View From Left Field Bleachers: Cubs-Cards

10 Things Overheard at Wrigley Field, Cubs-Cards Style

10. I hate you, Scott Spiezio!

9. Dunnn-cannn… Dunnn-cannn… Dunnn-cannn… You suck!

8. I need tee-pee for my Poo Holes, Alby.

7. Hey, Michael Barrett! Over here- this girl wants to do you!

6. Scott Spiezio, I know you like dudes! (same guy as #10)

The list continues after the jump- some foul language included, so those with delicate sensibilities beware.

5. 61! Hey, #61! All these girls think you’ve got a great ass, 61! Did you hear me? YOU’VE GOT A GREAT ASS, DUDE.

4. Scott Speizio, get off the field! I can smell you from up here! (same guy, again)

3. [sex noises from women’s bathroom stall at Murphy’s]

2. Sex in the bathroom! [clap clap, clap clap clap] (the whole bar, upon their exit)

1. Fuck you, Scott Spiezio! And your mom! (yup, still the same guy)


And what would a baseball report be without pictures of cute boys – starting with the loveliest new Cubbie on the block, so cute I can’t even hold it against him that he’s wearing my darling Todd Walker’s #7 jersey- Ryan “The Riot” Theriot:

And to show I hold no ill will for his 3-run game-winning homer in the 10th, here’s Alby Poo-Holes himself:

This entry was posted in blatant homerism, I Was There, MLB, Texas Gal by Texas Gal. Bookmark the permalink.

About Texas Gal

Pitched four years for the Philadelphia Athletics, and then played shortstop for seven years for the Montreal Expos. Taught Rickey Henderson to steal a base. Taught Nolan Ryan to throw a punch. Taught Mickey Mantle to drink a beer. Threw one seven-hitter and seven no-hitters. Wonderboy was my creation, and first Jobu shrine was in my locker. Often called "the next Dustin Pedroia". Always wear high socks and eyeblack. Prefer to slide headfirst.

17 thoughts on “View From Left Field Bleachers: Cubs-Cards

  1. I’m sensing the one guy has some hostility towards Spiezio.

    I went to an Angels-Twins game back in 2000 and he gave me his batting gloves, so unless he does something completely stupid like beat his wife, he’s OK in my book.

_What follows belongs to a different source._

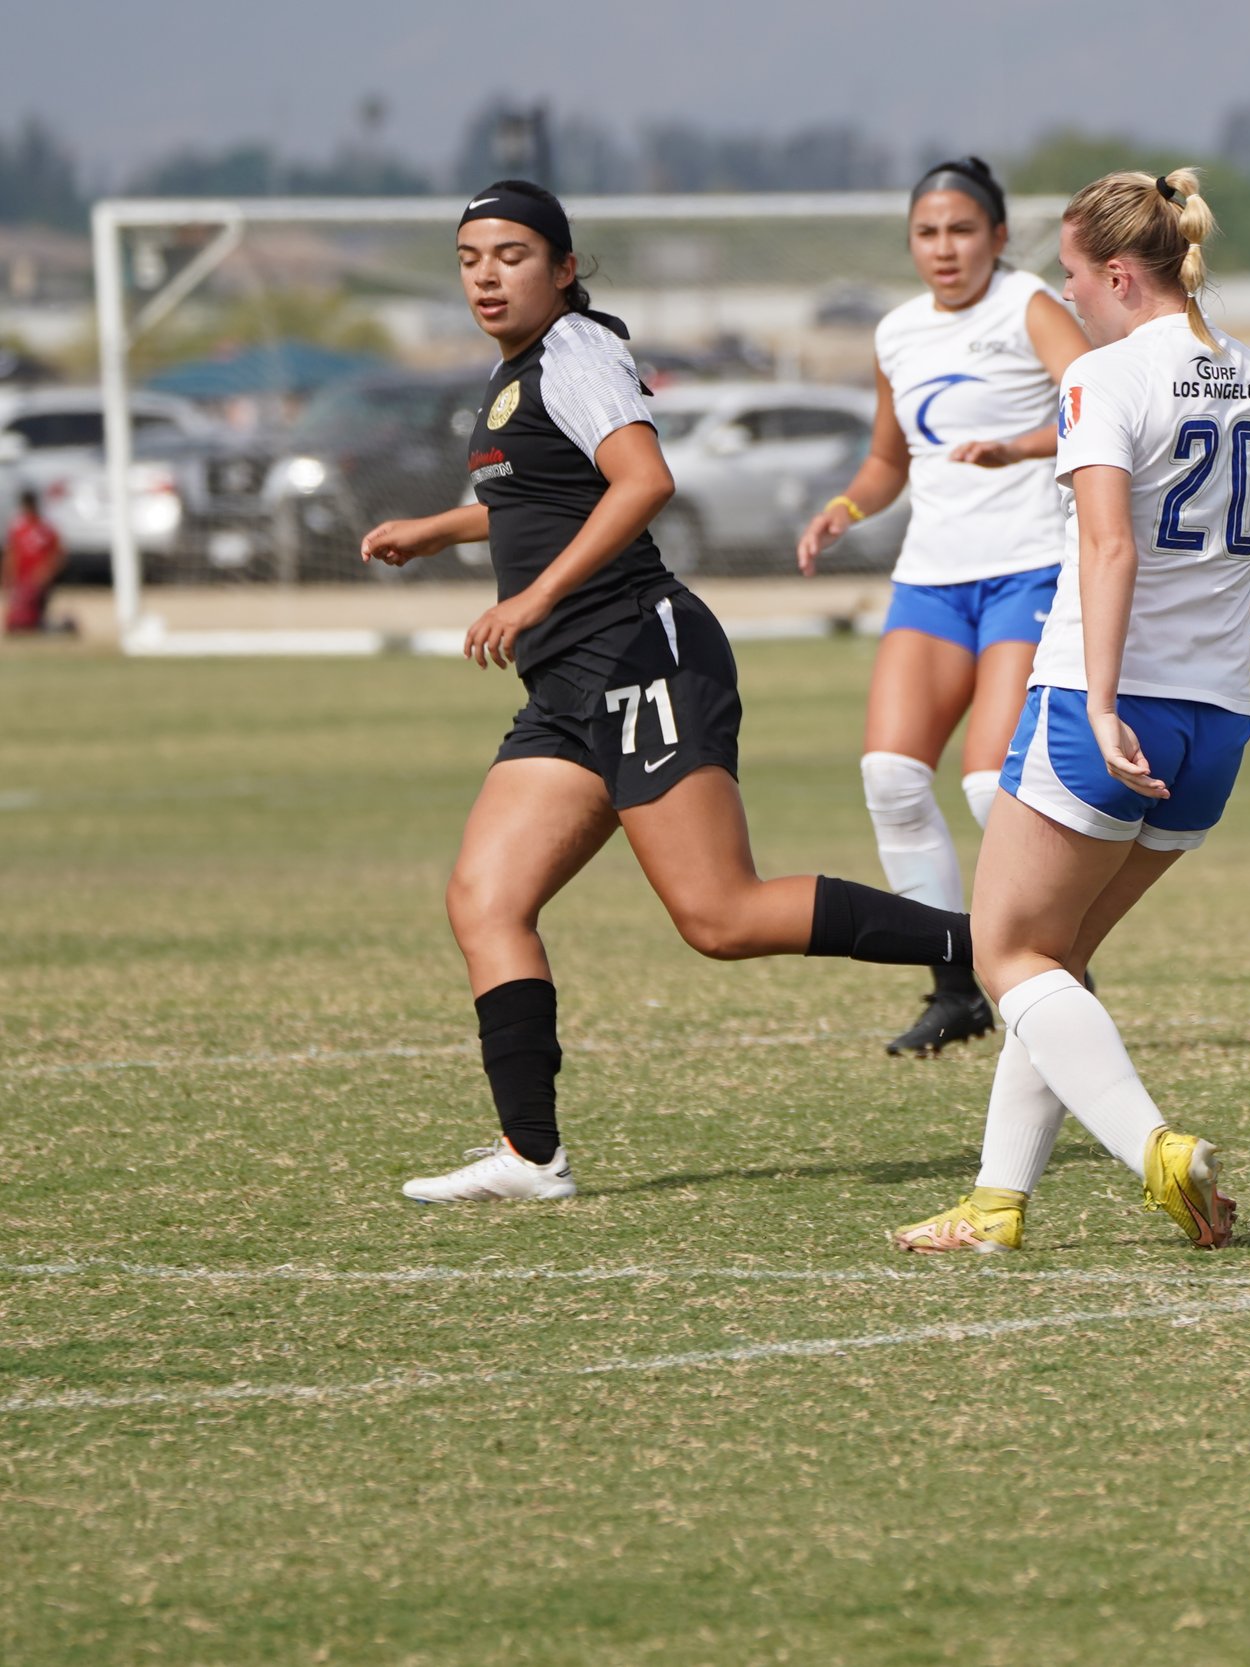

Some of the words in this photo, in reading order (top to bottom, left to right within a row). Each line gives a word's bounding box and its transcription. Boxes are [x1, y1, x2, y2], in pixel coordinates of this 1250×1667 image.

[1197, 365, 1236, 380] SURF
[1173, 381, 1200, 398] LOS
[605, 678, 678, 755] 71

    Good grief, I feel old after realizing that it was almost 7 years ago that I got his batting gloves.

  2. When those two came out of the bathroom, I didn’t even think to snap a picture. But I had no problem joining in the “Sex-in-the-bath-room” cheer (or the “clap-clap-clapclapclap” either). Next time, I’ll do better.

    I still don’t know what that guy’s problem with Spiezio was- I think he just had a crush, and it went sour when Scott didn’t return his affections.

  3. I think it has to do with Spezio’s crappy band and terrible facial hair. What is that, a red soul piece? In the words of Ron White, “things that make ya go…bbbrbrbrbruhhh.”

  4. Good shout out on the Theriot pic…though it is a bit smutty, he should be starting from here on out. Go Cubs!